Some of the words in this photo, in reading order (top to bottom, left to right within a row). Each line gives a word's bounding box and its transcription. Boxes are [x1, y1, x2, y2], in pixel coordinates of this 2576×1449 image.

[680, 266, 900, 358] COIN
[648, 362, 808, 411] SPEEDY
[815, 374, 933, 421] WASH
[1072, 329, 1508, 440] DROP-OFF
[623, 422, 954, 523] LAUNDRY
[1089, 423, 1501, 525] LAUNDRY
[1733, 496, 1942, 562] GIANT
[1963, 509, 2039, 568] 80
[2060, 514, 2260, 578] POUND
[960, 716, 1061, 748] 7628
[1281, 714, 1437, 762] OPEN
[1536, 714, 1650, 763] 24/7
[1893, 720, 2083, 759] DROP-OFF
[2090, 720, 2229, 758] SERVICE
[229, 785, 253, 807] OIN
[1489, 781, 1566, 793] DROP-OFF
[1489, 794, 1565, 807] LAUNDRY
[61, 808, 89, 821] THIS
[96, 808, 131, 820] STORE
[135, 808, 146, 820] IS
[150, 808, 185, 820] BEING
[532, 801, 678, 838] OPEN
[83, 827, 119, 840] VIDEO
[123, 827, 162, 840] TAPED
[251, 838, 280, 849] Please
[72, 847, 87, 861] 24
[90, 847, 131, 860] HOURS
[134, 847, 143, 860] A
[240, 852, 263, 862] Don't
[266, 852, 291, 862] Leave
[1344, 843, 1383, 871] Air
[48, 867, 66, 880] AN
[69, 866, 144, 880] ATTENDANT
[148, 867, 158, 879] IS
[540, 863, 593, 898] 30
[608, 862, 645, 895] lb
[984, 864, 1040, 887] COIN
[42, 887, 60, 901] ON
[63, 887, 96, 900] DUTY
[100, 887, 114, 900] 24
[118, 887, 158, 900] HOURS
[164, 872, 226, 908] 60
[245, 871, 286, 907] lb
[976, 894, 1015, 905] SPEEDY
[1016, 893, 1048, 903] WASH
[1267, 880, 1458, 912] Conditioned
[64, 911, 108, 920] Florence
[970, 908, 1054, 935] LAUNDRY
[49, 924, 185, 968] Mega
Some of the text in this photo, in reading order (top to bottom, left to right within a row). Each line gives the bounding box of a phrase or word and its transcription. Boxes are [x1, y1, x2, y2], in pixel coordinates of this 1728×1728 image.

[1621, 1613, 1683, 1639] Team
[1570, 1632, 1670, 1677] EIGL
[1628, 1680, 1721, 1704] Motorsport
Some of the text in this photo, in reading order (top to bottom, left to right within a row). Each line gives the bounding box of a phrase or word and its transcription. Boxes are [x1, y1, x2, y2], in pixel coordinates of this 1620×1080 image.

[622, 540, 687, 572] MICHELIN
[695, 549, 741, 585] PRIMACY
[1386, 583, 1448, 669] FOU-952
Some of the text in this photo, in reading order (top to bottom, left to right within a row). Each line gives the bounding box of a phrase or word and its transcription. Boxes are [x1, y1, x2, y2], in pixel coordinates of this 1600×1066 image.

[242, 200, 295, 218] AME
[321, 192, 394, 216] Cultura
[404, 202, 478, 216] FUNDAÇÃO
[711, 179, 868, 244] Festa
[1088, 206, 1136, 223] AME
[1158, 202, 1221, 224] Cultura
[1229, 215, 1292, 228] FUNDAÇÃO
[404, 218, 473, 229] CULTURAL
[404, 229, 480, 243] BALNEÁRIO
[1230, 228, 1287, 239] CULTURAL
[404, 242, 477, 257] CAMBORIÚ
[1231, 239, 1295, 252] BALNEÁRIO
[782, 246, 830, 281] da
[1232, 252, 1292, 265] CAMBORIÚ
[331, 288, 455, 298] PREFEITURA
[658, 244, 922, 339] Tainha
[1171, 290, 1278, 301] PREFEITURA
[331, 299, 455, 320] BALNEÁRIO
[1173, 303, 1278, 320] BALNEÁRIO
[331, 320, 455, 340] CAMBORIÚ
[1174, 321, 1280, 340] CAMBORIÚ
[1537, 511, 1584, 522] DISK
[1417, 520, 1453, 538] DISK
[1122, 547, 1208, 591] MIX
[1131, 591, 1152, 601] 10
::::::
* _Task description_: Each entry should be reproduced in the output exactly.

* _Task answer_:
Some of the words in this photo, in reading order (top to bottom, left to right within a row). Each line gives a word's bounding box and its transcription. Boxes are [x1, y1, x2, y2], in pixel coordinates of this 2576×1449 image.

[680, 266, 900, 358] COIN
[648, 362, 808, 411] SPEEDY
[815, 374, 933, 421] WASH
[1072, 329, 1508, 440] DROP-OFF
[623, 422, 954, 523] LAUNDRY
[1089, 423, 1501, 525] LAUNDRY
[1733, 496, 1942, 562] GIANT
[1963, 509, 2039, 568] 80
[2060, 514, 2260, 578] POUND
[960, 716, 1061, 748] 7628
[1281, 714, 1437, 762] OPEN
[1536, 714, 1650, 763] 24/7
[1893, 720, 2083, 759] DROP-OFF
[2090, 720, 2229, 758] SERVICE
[229, 785, 253, 807] OIN
[1489, 781, 1566, 793] DROP-OFF
[1489, 794, 1565, 807] LAUNDRY
[61, 808, 89, 821] THIS
[96, 808, 131, 820] STORE
[135, 808, 146, 820] IS
[150, 808, 185, 820] BEING
[532, 801, 678, 838] OPEN
[83, 827, 119, 840] VIDEO
[123, 827, 162, 840] TAPED
[251, 838, 280, 849] Please
[72, 847, 87, 861] 24
[90, 847, 131, 860] HOURS
[134, 847, 143, 860] A
[240, 852, 263, 862] Don't
[266, 852, 291, 862] Leave
[1344, 843, 1383, 871] Air
[48, 867, 66, 880] AN
[69, 866, 144, 880] ATTENDANT
[148, 867, 158, 879] IS
[540, 863, 593, 898] 30
[608, 862, 645, 895] lb
[984, 864, 1040, 887] COIN
[42, 887, 60, 901] ON
[63, 887, 96, 900] DUTY
[100, 887, 114, 900] 24
[118, 887, 158, 900] HOURS
[164, 872, 226, 908] 60
[245, 871, 286, 907] lb
[976, 894, 1015, 905] SPEEDY
[1016, 893, 1048, 903] WASH
[1267, 880, 1458, 912] Conditioned
[64, 911, 108, 920] Florence
[970, 908, 1054, 935] LAUNDRY
[49, 924, 185, 968] Mega
Some of the text in this photo, in reading order (top to bottom, left to right within a row). Each line gives the bounding box of a phrase or word and its transcription. Boxes are [x1, y1, x2, y2], in pixel coordinates of this 1728×1728 image.

[1621, 1613, 1683, 1639] Team
[1570, 1632, 1670, 1677] EIGL
[1628, 1680, 1721, 1704] Motorsport
Some of the text in this photo, in reading order (top to bottom, left to right within a row). Each line gives the bounding box of a phrase or word and its transcription. Boxes are [x1, y1, x2, y2], in pixel coordinates of this 1620×1080 image.

[622, 540, 687, 572] MICHELIN
[695, 549, 741, 585] PRIMACY
[1386, 583, 1448, 669] FOU-952
Some of the text in this photo, in reading order (top to bottom, left to right within a row). Each line gives the bounding box of a phrase or word and its transcription. Boxes are [x1, y1, x2, y2], in pixel coordinates of this 1600×1066 image.

[242, 200, 295, 218] AME
[321, 192, 394, 216] Cultura
[404, 202, 478, 216] FUNDAÇÃO
[711, 179, 868, 244] Festa
[1088, 206, 1136, 223] AME
[1158, 202, 1221, 224] Cultura
[1229, 215, 1292, 228] FUNDAÇÃO
[404, 218, 473, 229] CULTURAL
[404, 229, 480, 243] BALNEÁRIO
[1230, 228, 1287, 239] CULTURAL
[404, 242, 477, 257] CAMBORIÚ
[1231, 239, 1295, 252] BALNEÁRIO
[782, 246, 830, 281] da
[1232, 252, 1292, 265] CAMBORIÚ
[331, 288, 455, 298] PREFEITURA
[658, 244, 922, 339] Tainha
[1171, 290, 1278, 301] PREFEITURA
[331, 299, 455, 320] BALNEÁRIO
[1173, 303, 1278, 320] BALNEÁRIO
[331, 320, 455, 340] CAMBORIÚ
[1174, 321, 1280, 340] CAMBORIÚ
[1537, 511, 1584, 522] DISK
[1417, 520, 1453, 538] DISK
[1122, 547, 1208, 591] MIX
[1131, 591, 1152, 601] 10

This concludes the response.